Pr. Moíses starts saying he can't stay long because he's got church at his house tonight. After about an hour there we went back upstream, but on the other side of the island to Paricatuba#2  Here we stopped at the camp, and shared lunch (hot dogs) with a pregnant cat. An odd plant I'd asked about the first time there showed it's true nature and is a pretty flower.



We headed up the Uneiuxi, past Brother Antonio, past several fishing tour boats, to Tabocal#3 (Baré and Macunadebe Indians). Large community w/ nice school and payphone (that's what I said). Really nice soccer field w/ stands. No work, but "Indian Church" group visits sometimes. A woman had a baby there that had malaria several times. 






After about a 1/2 hour we head back and up the Rio Negro behind the island and past Nazaré#4, Areal#5 (Baniwa Indians, may have a work), and Maricota#6. About here I saw a mountain - Maybe "Misty Peak" (Pico da Neblina, tallest in Brazil) itself. Then we head back toward home on the north side of the island. 

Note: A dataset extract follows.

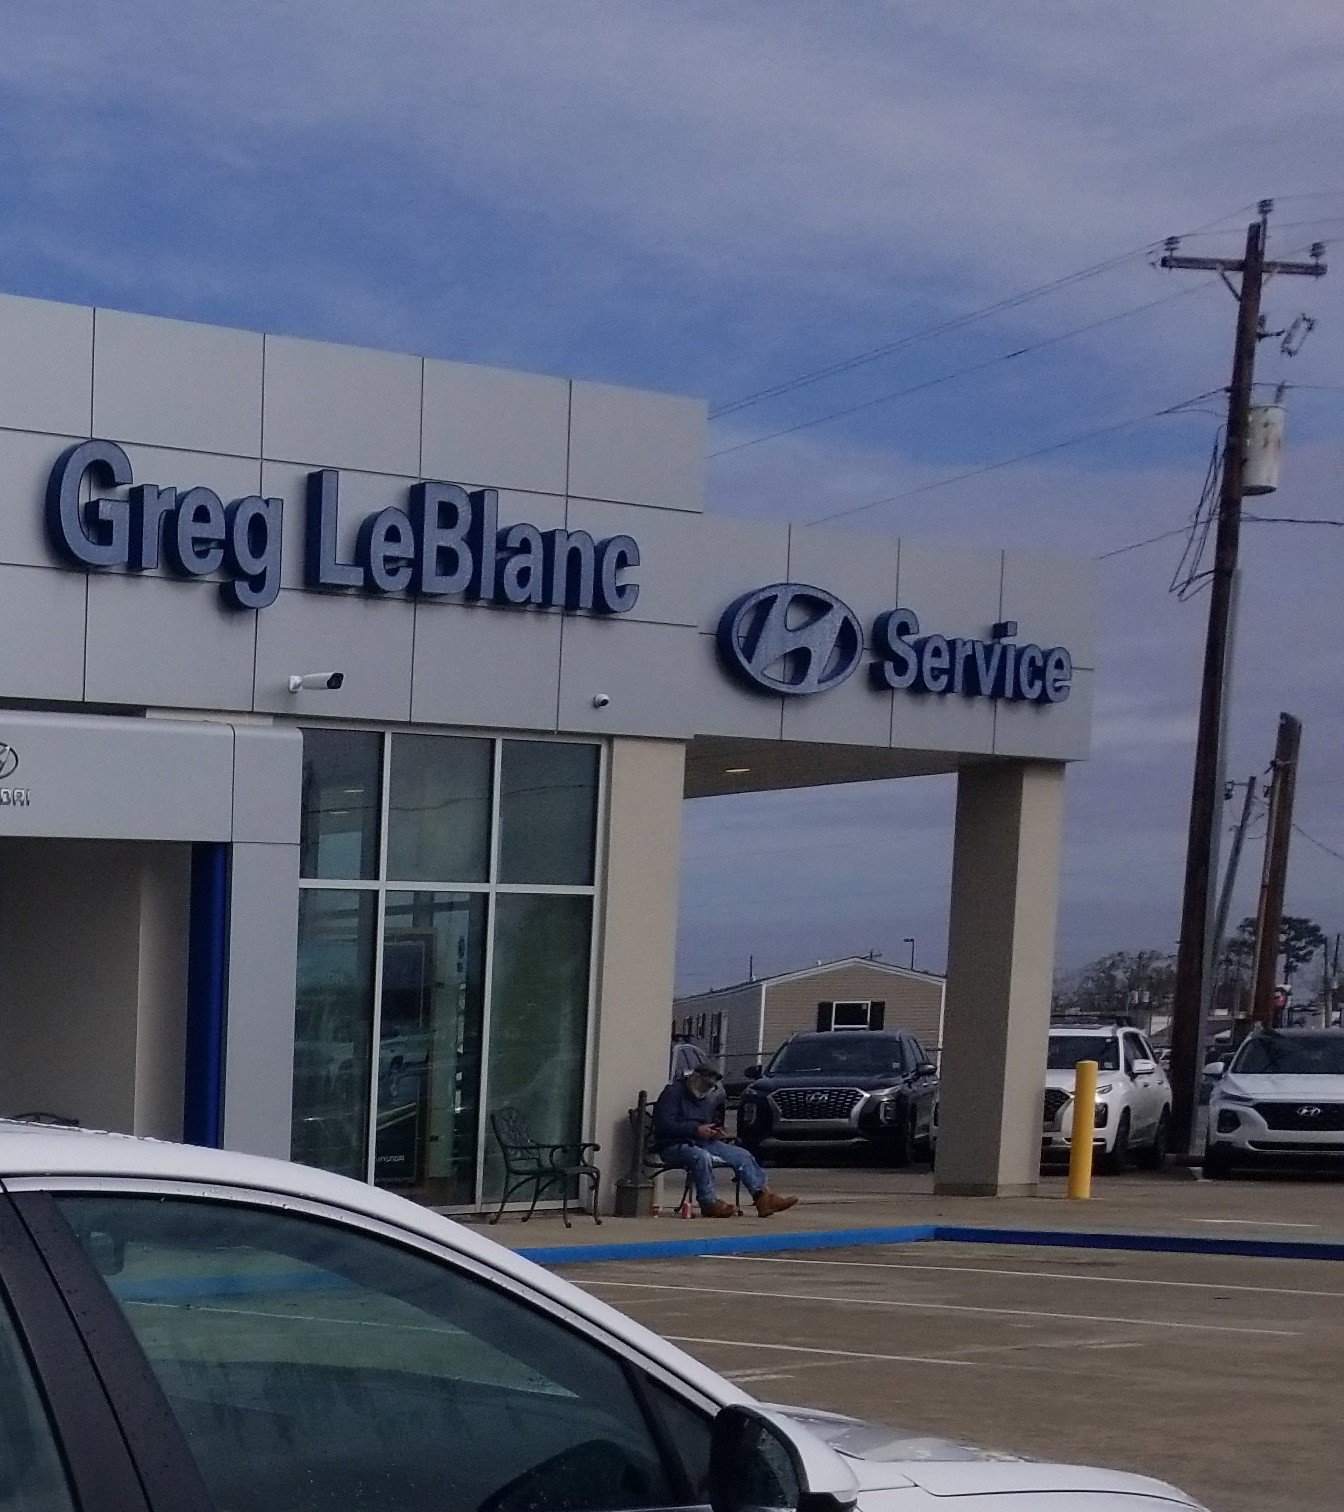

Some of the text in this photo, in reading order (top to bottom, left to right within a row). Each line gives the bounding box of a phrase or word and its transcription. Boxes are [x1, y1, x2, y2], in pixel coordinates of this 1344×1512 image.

[45, 438, 641, 613] Greg LeBlanc
[868, 608, 1072, 702] Service

We stopped to swap fuel tanks. The GPS showed us at 5k/h (3m/h) just from the current. Pr. Moíses pointed out Chile#7 (a village, not the country), Piracema#8 and Jutaí9 (right in front of Santa Isabel). Some of the places had signs prohibiting entry (Federal Government restrictions). Not marked on the map below is a community where the Indians stay when they come to town, sort of like a guest house.  I couldn't read that sign. Maybe it says "Beware of low-flying arrows." 

 
Pr. Moíses dropped me off on shore near the house I was staying at. I wanted to try to talk with Pastor Jaimeson of the Indian Church. Couldn't reach Jaimeson.  Might even find his mission compound. I passed it twice by car. Saw a sign in Portuguese and Angatu (said Ingatu, tribal trade language, also part of the name of one of the fishing tour companies).  Got some river water.  Saw a wild Macaw.  Then found out it was free but belonged to a house!



The not-so-wild Macaw

Walked to Pr. Moíses' house. It wasn't exactly where I thought it was, but I got there with the help of a guy on a bicycle who went just to show me where it was. They had a birthday cake and a snack.  A big guy cleaned up. Must have thought it was tapioca. (I can flog a dead horse with the best of them!) 

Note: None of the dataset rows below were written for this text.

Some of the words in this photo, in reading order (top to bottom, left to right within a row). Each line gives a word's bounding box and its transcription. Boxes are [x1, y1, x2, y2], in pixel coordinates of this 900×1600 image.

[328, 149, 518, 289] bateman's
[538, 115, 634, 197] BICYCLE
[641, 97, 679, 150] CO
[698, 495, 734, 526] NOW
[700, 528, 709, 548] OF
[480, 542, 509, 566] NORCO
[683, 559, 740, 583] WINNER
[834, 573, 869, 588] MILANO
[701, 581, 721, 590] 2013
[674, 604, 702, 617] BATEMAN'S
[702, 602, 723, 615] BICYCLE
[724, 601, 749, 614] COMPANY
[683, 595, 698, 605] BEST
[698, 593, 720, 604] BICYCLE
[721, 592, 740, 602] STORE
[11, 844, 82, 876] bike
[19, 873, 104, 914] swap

Talked to Michele as I walked home, though I had to stop once to break up a girl fight and again to pass buy the noisy generators. 

Dona Marlete wasn't able to wash yesterday with all that was going on. So she only did it today. The pants aren't dry so I'm hanging them up in my room hoping they'll dry faster here. Pack and bed. My legs itch. Must have picked up bugs in the grass when I talked to the man under the house. Still don't know word for chigger. (Ed: I'm not sure of the wash days, but I ended up wearing one pair damp - not that it mattered with all the sweating.)